[Spatial localization data]

* * * * * * *

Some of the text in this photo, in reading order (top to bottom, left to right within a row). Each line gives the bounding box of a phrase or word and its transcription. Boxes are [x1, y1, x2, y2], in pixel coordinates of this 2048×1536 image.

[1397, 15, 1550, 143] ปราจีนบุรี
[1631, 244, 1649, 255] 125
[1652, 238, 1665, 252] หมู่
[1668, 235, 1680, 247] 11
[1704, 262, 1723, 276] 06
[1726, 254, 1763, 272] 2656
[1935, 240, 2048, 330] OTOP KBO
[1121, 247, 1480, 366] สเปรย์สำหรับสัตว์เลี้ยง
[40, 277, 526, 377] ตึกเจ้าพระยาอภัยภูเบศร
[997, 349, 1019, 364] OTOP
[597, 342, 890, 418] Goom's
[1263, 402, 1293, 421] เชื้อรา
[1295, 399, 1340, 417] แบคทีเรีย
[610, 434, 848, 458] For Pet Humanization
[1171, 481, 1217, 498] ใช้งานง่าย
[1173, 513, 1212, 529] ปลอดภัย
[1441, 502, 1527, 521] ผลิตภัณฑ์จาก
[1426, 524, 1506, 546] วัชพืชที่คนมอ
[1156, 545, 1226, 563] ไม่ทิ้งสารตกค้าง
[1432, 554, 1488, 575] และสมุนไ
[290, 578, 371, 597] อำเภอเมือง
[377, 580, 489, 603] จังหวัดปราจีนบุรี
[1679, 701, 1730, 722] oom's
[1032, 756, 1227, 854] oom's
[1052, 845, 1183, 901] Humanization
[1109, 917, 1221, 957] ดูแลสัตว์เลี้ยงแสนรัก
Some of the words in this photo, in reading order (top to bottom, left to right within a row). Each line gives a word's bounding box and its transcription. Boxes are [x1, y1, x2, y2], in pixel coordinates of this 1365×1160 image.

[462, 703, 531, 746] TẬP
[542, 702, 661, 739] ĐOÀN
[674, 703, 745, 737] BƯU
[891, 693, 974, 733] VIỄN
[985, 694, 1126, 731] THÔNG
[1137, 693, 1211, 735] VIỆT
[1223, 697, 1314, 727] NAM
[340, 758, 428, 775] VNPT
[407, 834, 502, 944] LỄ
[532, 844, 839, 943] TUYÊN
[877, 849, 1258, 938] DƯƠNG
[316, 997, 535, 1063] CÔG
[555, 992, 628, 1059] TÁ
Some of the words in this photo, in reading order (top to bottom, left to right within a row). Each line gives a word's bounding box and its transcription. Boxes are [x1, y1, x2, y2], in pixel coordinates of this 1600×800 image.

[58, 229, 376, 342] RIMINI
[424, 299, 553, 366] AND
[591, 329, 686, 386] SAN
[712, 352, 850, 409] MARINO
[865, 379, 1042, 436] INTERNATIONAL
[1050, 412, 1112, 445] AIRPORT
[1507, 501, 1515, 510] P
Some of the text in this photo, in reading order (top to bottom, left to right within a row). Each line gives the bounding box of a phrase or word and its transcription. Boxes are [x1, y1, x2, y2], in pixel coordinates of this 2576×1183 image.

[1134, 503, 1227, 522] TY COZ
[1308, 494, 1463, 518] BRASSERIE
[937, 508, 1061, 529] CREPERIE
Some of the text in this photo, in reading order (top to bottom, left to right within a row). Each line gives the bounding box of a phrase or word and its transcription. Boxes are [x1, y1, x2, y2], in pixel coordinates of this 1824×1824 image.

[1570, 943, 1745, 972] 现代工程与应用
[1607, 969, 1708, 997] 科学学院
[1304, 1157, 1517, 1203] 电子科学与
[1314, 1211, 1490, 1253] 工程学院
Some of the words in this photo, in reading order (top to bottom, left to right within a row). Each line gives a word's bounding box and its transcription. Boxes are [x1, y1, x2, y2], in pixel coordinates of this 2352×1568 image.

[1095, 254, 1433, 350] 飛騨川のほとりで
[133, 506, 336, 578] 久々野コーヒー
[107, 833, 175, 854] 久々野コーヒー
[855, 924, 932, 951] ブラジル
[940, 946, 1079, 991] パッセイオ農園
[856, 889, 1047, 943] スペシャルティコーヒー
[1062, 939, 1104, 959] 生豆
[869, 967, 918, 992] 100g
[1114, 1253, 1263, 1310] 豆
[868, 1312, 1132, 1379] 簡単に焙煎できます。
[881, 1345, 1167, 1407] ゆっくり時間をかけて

* * * * * * *

▶ _Aim of the exercise_
Copy every record shown above, exactly and completely.

▶ _Answer_
Some of the text in this photo, in reading order (top to bottom, left to right within a row). Each line gives the bounding box of a phrase or word and its transcription. Boxes are [x1, y1, x2, y2], in pixel coordinates of this 2048×1536 image.

[1397, 15, 1550, 143] ปราจีนบุรี
[1631, 244, 1649, 255] 125
[1652, 238, 1665, 252] หมู่
[1668, 235, 1680, 247] 11
[1704, 262, 1723, 276] 06
[1726, 254, 1763, 272] 2656
[1935, 240, 2048, 330] OTOP KBO
[1121, 247, 1480, 366] สเปรย์สำหรับสัตว์เลี้ยง
[40, 277, 526, 377] ตึกเจ้าพระยาอภัยภูเบศร
[997, 349, 1019, 364] OTOP
[597, 342, 890, 418] Goom's
[1263, 402, 1293, 421] เชื้อรา
[1295, 399, 1340, 417] แบคทีเรีย
[610, 434, 848, 458] For Pet Humanization
[1171, 481, 1217, 498] ใช้งานง่าย
[1173, 513, 1212, 529] ปลอดภัย
[1441, 502, 1527, 521] ผลิตภัณฑ์จาก
[1426, 524, 1506, 546] วัชพืชที่คนมอ
[1156, 545, 1226, 563] ไม่ทิ้งสารตกค้าง
[1432, 554, 1488, 575] และสมุนไ
[290, 578, 371, 597] อำเภอเมือง
[377, 580, 489, 603] จังหวัดปราจีนบุรี
[1679, 701, 1730, 722] oom's
[1032, 756, 1227, 854] oom's
[1052, 845, 1183, 901] Humanization
[1109, 917, 1221, 957] ดูแลสัตว์เลี้ยงแสนรัก
Some of the words in this photo, in reading order (top to bottom, left to right within a row). Each line gives a word's bounding box and its transcription. Boxes are [x1, y1, x2, y2], in pixel coordinates of this 1365×1160 image.

[462, 703, 531, 746] TẬP
[542, 702, 661, 739] ĐOÀN
[674, 703, 745, 737] BƯU
[891, 693, 974, 733] VIỄN
[985, 694, 1126, 731] THÔNG
[1137, 693, 1211, 735] VIỆT
[1223, 697, 1314, 727] NAM
[340, 758, 428, 775] VNPT
[407, 834, 502, 944] LỄ
[532, 844, 839, 943] TUYÊN
[877, 849, 1258, 938] DƯƠNG
[316, 997, 535, 1063] CÔG
[555, 992, 628, 1059] TÁ
Some of the words in this photo, in reading order (top to bottom, left to right within a row). Each line gives a word's bounding box and its transcription. Boxes are [x1, y1, x2, y2], in pixel coordinates of this 1600×800 image.

[58, 229, 376, 342] RIMINI
[424, 299, 553, 366] AND
[591, 329, 686, 386] SAN
[712, 352, 850, 409] MARINO
[865, 379, 1042, 436] INTERNATIONAL
[1050, 412, 1112, 445] AIRPORT
[1507, 501, 1515, 510] P
Some of the text in this photo, in reading order (top to bottom, left to right within a row). Each line gives the bounding box of a phrase or word and its transcription. Boxes are [x1, y1, x2, y2], in pixel coordinates of this 2576×1183 image.

[1134, 503, 1227, 522] TY COZ
[1308, 494, 1463, 518] BRASSERIE
[937, 508, 1061, 529] CREPERIE
Some of the text in this photo, in reading order (top to bottom, left to right within a row). Each line gives the bounding box of a phrase or word and its transcription. Boxes are [x1, y1, x2, y2], in pixel coordinates of this 1824×1824 image.

[1570, 943, 1745, 972] 现代工程与应用
[1607, 969, 1708, 997] 科学学院
[1304, 1157, 1517, 1203] 电子科学与
[1314, 1211, 1490, 1253] 工程学院
Some of the words in this photo, in reading order (top to bottom, left to right within a row). Each line gives a word's bounding box and its transcription. Boxes are [x1, y1, x2, y2], in pixel coordinates of this 2352×1568 image.

[1095, 254, 1433, 350] 飛騨川のほとりで
[133, 506, 336, 578] 久々野コーヒー
[107, 833, 175, 854] 久々野コーヒー
[855, 924, 932, 951] ブラジル
[940, 946, 1079, 991] パッセイオ農園
[856, 889, 1047, 943] スペシャルティコーヒー
[1062, 939, 1104, 959] 生豆
[869, 967, 918, 992] 100g
[1114, 1253, 1263, 1310] 豆
[868, 1312, 1132, 1379] 簡単に焙煎できます。
[881, 1345, 1167, 1407] ゆっくり時間をかけて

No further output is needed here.